A produção brasileira de grãos na safra 2024/25 está estimada em 345,2 milhões de toneladas, configurando-se como novo recorde na série histórica da Companhia Nacional de Abastecimento (Conab), superando a safra 2022/23 quando foram colhidas 320,91 milhões de toneladas. Se comparado com o volume obtido na safra passada, o resultado representa uma alta de 47,7 milhões de toneladas. Os dados estão no 11º Levantamento da Safra de Grãos divulgado nesta quinta-feira (14) pela Companhia. Esse aumento é influenciado tanto pela maior área cultivada no país, com uma alta de 2,5% sendo estimadas em 81,9 milhões de hectares, como, principalmente, pela recuperação da produtividade média nacional das lavouras, saindo de 3.722 quilos por hectare em 2023/24 para 4.214 quilos por hectare na atual temporada.

Com produtividades recordes milho e soja contribuem para o bom resultado esperado, que juntos representam aproximadamente 43,4 milhões de toneladas, sendo em torno de 21,5 milhões de toneladas o crescimento do milho e cerca de 21,9 milhões de toneladas o incremento da soja. No caso do cereal a expectativa é de uma colheita total de aproximadamente 137 milhões de toneladas, a maior já registrada na série histórica da Companhia. Apenas na segunda safra do grão, são esperadas 109,6 milhões de toneladas. A colheita da segunda safra de milho já alcança 83,7% da área cultivada, como aponta o Progresso de Safra, aproximando-se da média dos últimos anos, que foi de 84,3%. Em Mato Grosso, principal estado produtor do cereal, a colheita se encaminha para a finalização com uma produção estimada de 53,55 milhões de toneladas, o que representa 49% da produção total do milho segunda safra no país.
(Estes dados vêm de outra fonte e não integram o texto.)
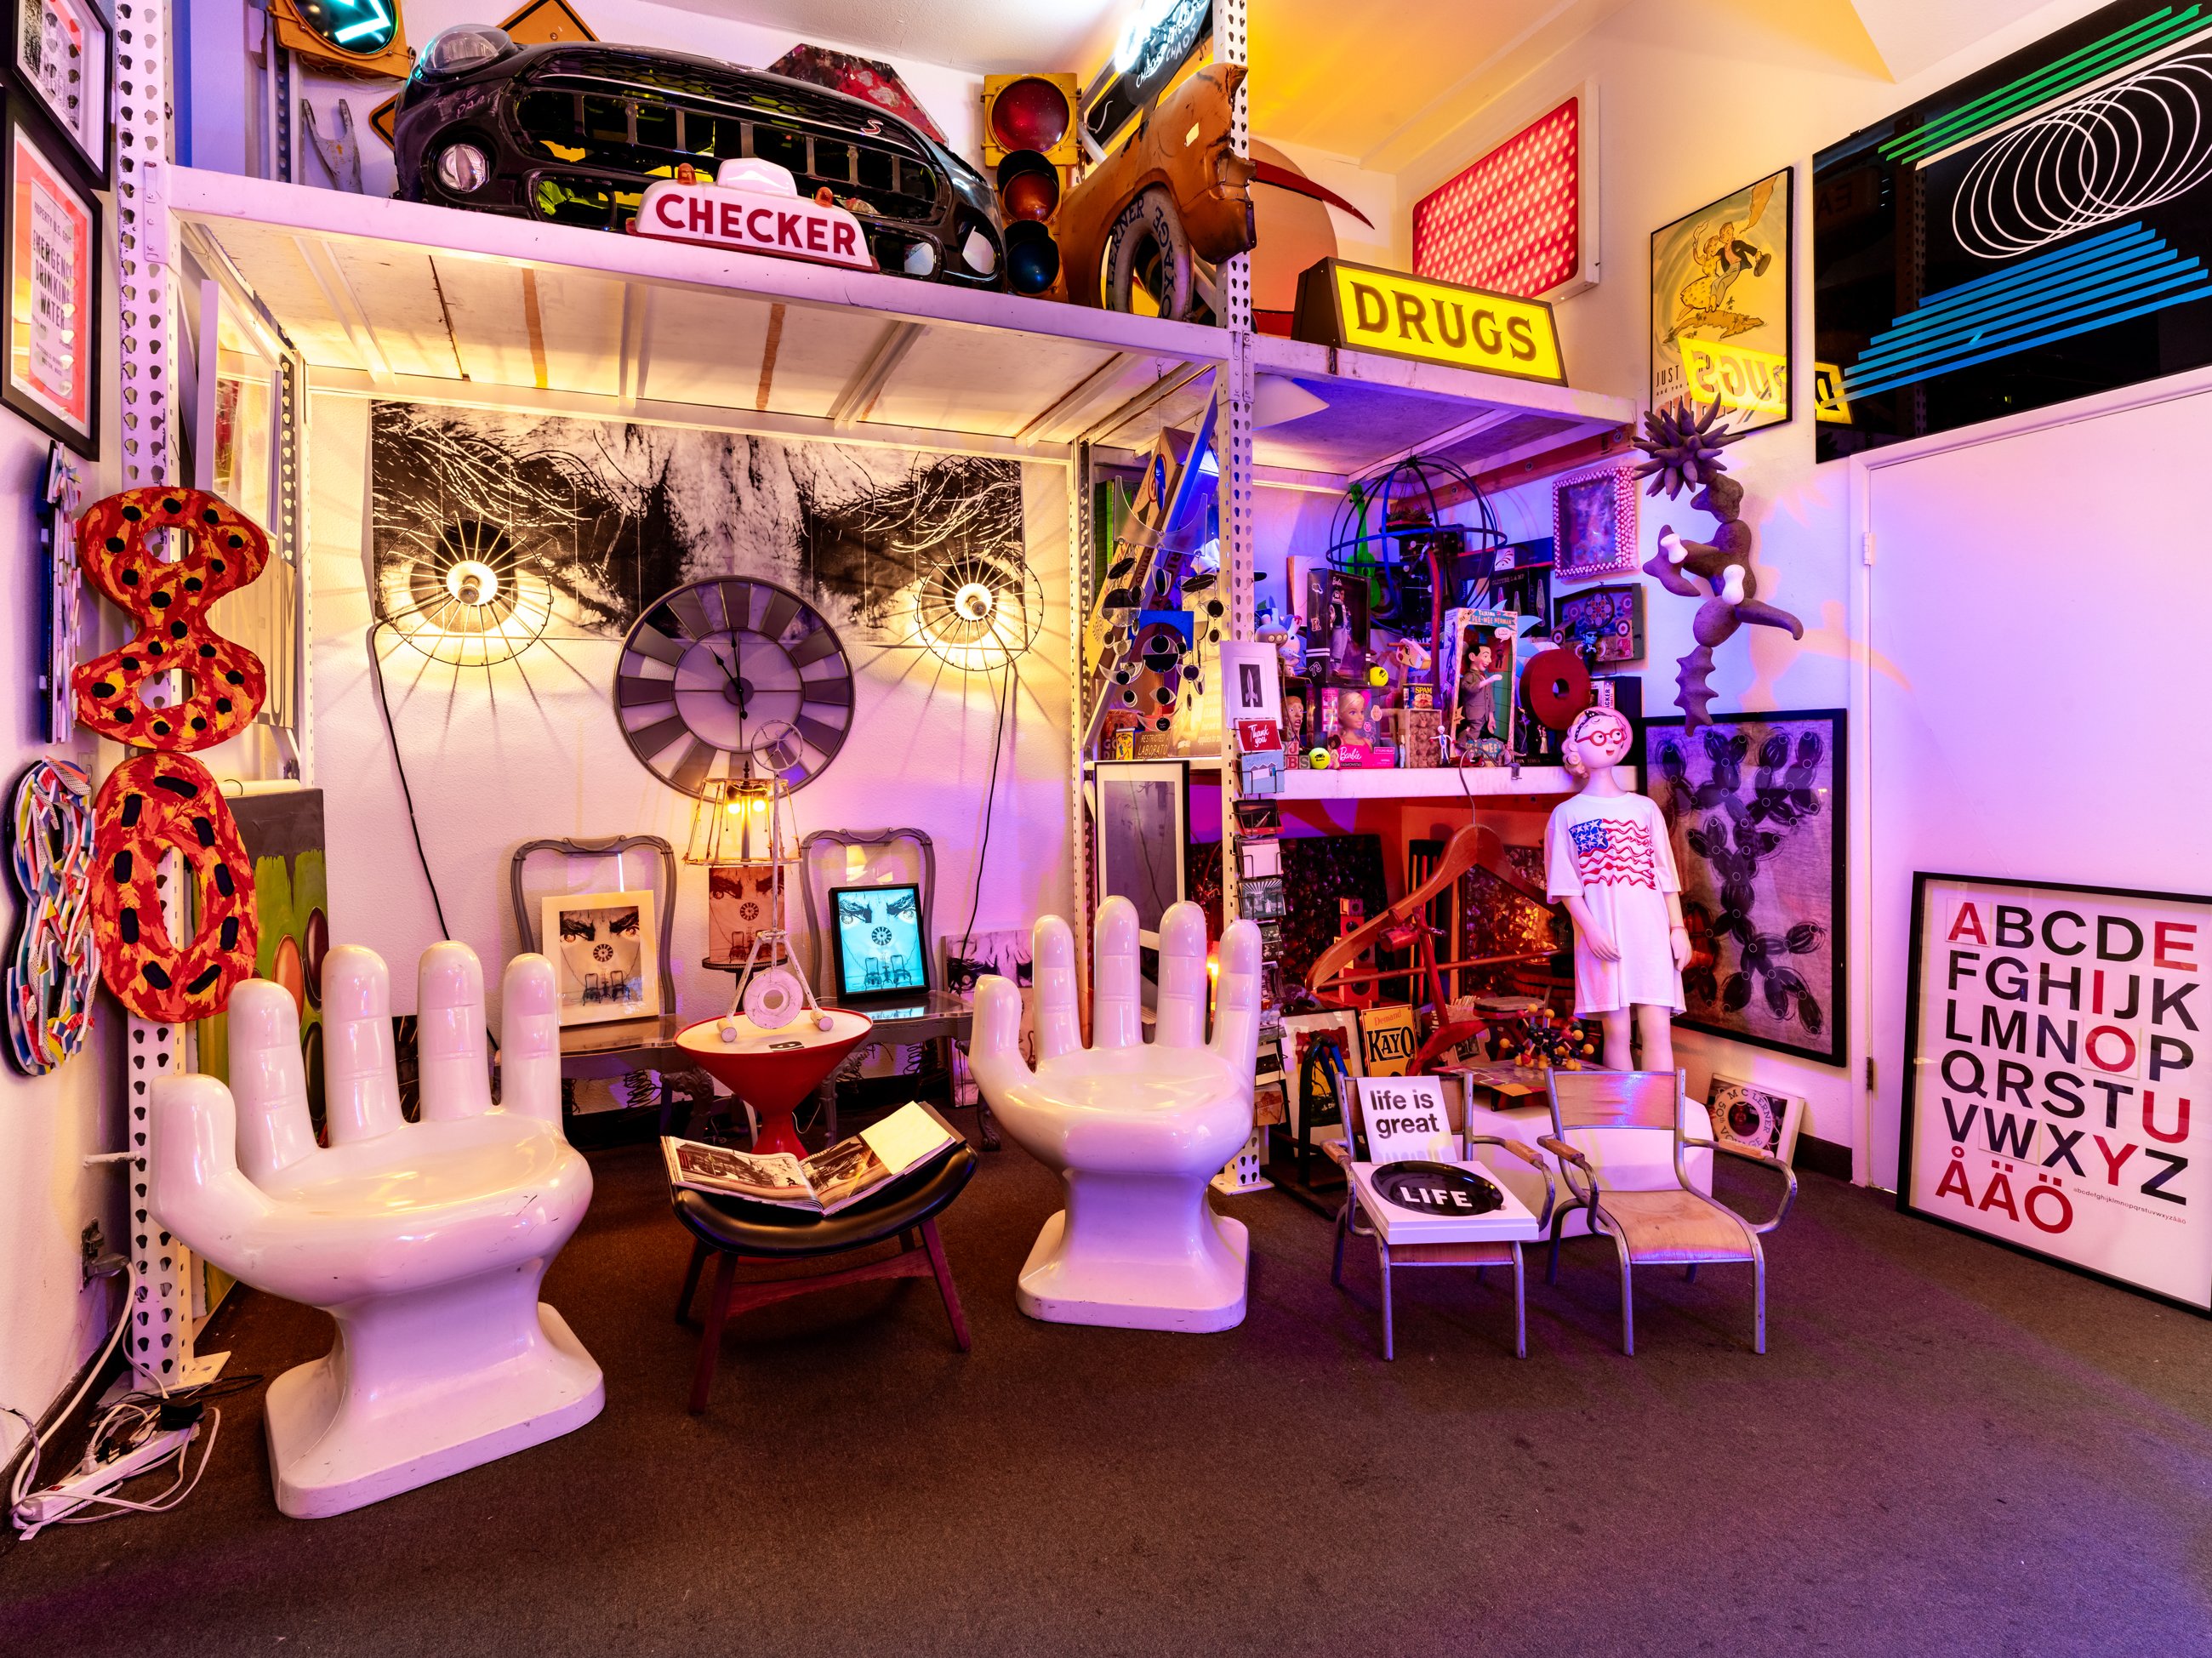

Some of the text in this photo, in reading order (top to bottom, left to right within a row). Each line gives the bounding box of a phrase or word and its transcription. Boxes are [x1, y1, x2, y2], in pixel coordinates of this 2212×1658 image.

A soja tem produção estimada nesta temporada em 169,7 milhões de toneladas, 14,8% superior à da safra de 2023/24. Os investimentos dos produtores na cultura, a partir da disponibilização de crédito via Plano Safra, aliado às boas condições climáticas na maioria das regiões produtoras, justificam a produção recorde da oleaginosa no país. A Conab também estima uma boa produção para o arroz, com uma colheita de 12,3 milhões de toneladas, que corresponde a um aumento de cerca de 1,7 milhão de toneladas em relação à safra anterior. Esse crescimento é resultado da expansão de 8,8% na área semeada e das condições climáticas favoráveis, especialmente no Rio Grande do Sul, principal estado produtor.

Para o algodão, outra importante cultura de segunda safra, a previsão é de um novo recorde na produção, com 3,9 milhões de toneladas da pluma. A boa produtividade média das lavouras e o ganho de 7,3% na área semeada da cultura influenciam no crescimento de 6,3% na atual safra da fibra. A colheita segue em ritmo mais lento que a média dos últimos 5 anos, atingindo 39% da área. As chuvas e o frio fora de época nos meses de junho e julho, retardaram o processo de maturação, alterando o ciclo de desenvolvimento da cultura. A expectativa é que ao longo do mês de agosto os produtores compensem o ritmo convergindo o percentual a ser colhido convergindo, em setembro, para os índices das médias históricas para o período.

Já para o feijão, a estimativa da Conab é de uma queda na produção de 3,5% em relação ao ciclo anterior, chegando em 3,1 milhões de toneladas somadas as 3 safras do grão. No segundo ciclo da leguminosa, as condições climáticas desfavoráveis registradas no Paraná, um dos principais estados produtores, afetaram a qualidade do grão, bem como o rendimento das lavouras. Para a terceira safra de feijão também é esperada uma redução na colheita.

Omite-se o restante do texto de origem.